Don’t trust banking behemoths’ 2020 election predictions

Don’t trust banking behemoths’ 2020 election predictions

November 1, 2020

With Joe Biden up in the polls, pre-election positions should be easy. Load up the truck on shares of any company that can benefit from his embrace of the Green New Deal, like solar-panel companies. Sell Treasuries because Biden’s spending plan looks like President Trump’s — only on steroids.

Also, buy stocks. If you think Trump was good for the markets over the past four years, Biden’s planned $2 trillion spending spree as he gets into office will turbocharge markets like never before, the Wall Street experts say.

And yet look closely, and solar-company stocks have risen over the past year but they aren’t shooting to the moon. Yields on Treasury bonds aren’t spiking wildly. And the stock market appears to be in a panic.

There are a couple of reasons for this. Some traders say investors are finally pricing in all those new taxes Biden is planning, or that Biden’s poll numbers in battleground states are shakier than the consensus indicates. Or maybe Trump will come close enough to contest the election, sending stocks into a tizzy of uncertainty for weeks after Election Day.

The confusion of the smart-money crowd tells us something about Wall Street. The geniuses who run the big banks and financial firms and too often dominate economic commentary have never been that smart, and probably shouldn’t be trusted to either predict the election or how good (or bad) things will get whoever is elected.

One reason I know this: The behind-the-scenes confusion I’m witnessing among major traders. Wall Street cares a lot about the presidential election and not just because it impacts their tax bills. They trade on the impact the likely winner will have on stocks, which is exactly what they’re doing now, feverishly, as we get close to Tuesday.

Several top players in the business over the past few days have called me, of all people, for a read on the presidential polls because they’re trading blindly on this one.

“My clients are mostly split,” said one adviser to major hedge funds. “About 60 percent of them think it’s Biden’s to lose, but the rest say they’re betting on Trump.”

The other reason to always suspect Wall Street wisdom is its lousy track record. Moody Investors Service recently made some news predicting that a Biden victory would be great for the economy.

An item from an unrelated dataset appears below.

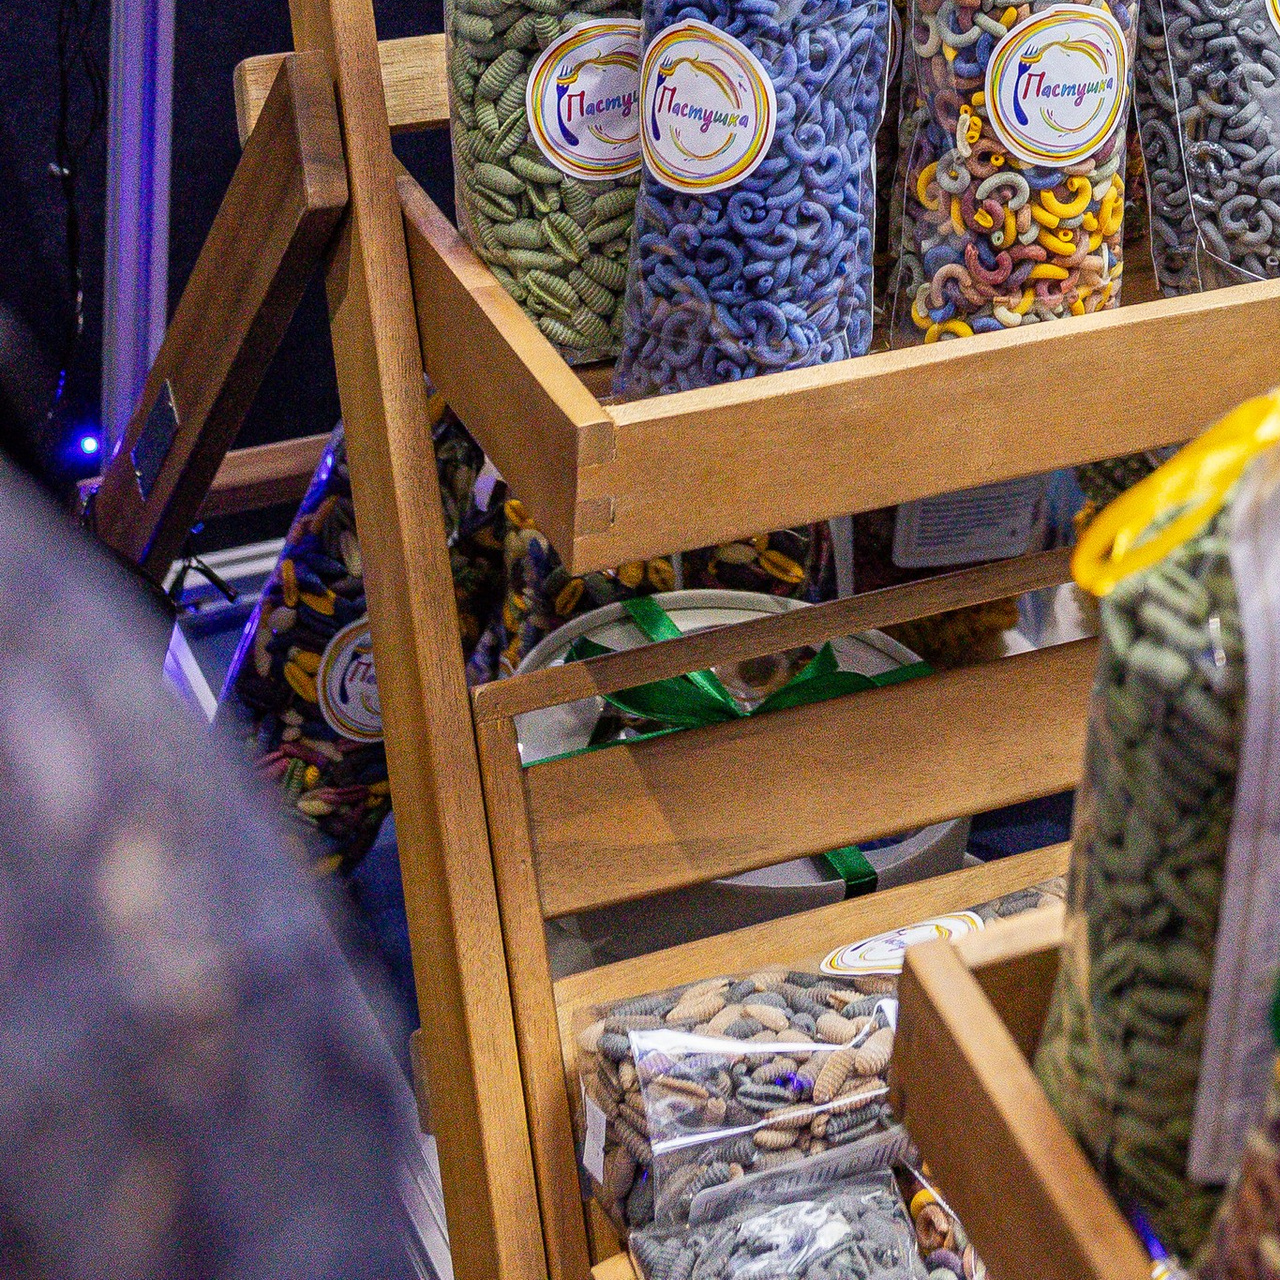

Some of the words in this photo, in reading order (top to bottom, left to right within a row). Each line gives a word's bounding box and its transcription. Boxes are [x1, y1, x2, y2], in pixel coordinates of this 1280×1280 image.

Forget about his tax increases, new regulations, likely fracking bans, or having a socialist like AOC giving Biden tips on the economy. The smart dudes at Moody’s said Biden’s big spending plans would cancel any negative impact of his tax hikes.

But since when is a government-controlled economy more efficient than the one we have now, where pre-COVID unemployment was at record low levels, and working-class people started seeing wage increases for the first time in years?

Another question: When was the last time Moody’s gave investors fair warning to any major financial event? The 2008 banking crisis? Nope. The dot-com bubble bursting in 2000? Nope.

Go back in history and you’ll see that for every one Moody’s gets right, they get a lot more wrong.

I don’t want to pick on Moody’s because it’s an easy target. The mighty Wall Street firm Goldman Sachs (another Biden-economy booster) is less obvious but just as qualified for an award. Recall: Its former CEO touted the end of the 2008 financial crisis before it ­really began, leading to Goldman needing a government bailout to survive.

The point is when you see left-leaning TV pundits praising Moody’s for its Biden analysis, remember it’s mostly devoid of context. And based on its record (and settlements totaling almost $7 billion for its role in the 1MDB scandal), Goldman should probably stick to banking and stop making predictions that can sway a presidential election.

Bezos buying CNN? We don’t ‘C’ it

Last week, Wall Street media bankers were buzzing about CNN, but it had nothing to do with something Chris Cuomo did or said. The talk in banking circles was that Amazon founder and CEO Jeff Bezos — the world’s richest man — wanted to buy CNN from its parent company, AT&T.

AT&T is struggling with debt and an odd cultural fit with the news channel; it’s run by some pretty conservative dudes in Dallas. So the deal made sense. Bezos has the money to buy how many billions CNN would cost, and he has a nascent media empire since he also owns, personally, The Washington Post.

If old media is your hobby, why wouldn’t a collector like Bezos just add to his collection?

When I broke the deal-speculation story, some of the biggest cheers came from my friends at CNN, who can’t stand the stodgy white dudes they have to call boss. That’s particularly true now that the network’s chief, Jeff Zucker, could soon be leaving (his future there, as described by a friend of his, is “50-50”) and CNN is facing cost cutting from the bean counters in Texas, which might mean layoffs.

Sorry to disappoint you, guys. While the deal makes sense on paper, a person close to Bezos tells me he has no interest, at least not yet. Maybe he’s waiting for a new president to approve the purchase, since the current one hates him so much. (Trump refers to him as “Jeff Bozo” for WaPo’s negative coverage of the administration.) Or maybe Bezos wants to add a few more dollars to his estimated net worth of $187 billion before making his move.

Bottom line, CNNers: Those stodgy white dudes in Dallas will be your boss for some time.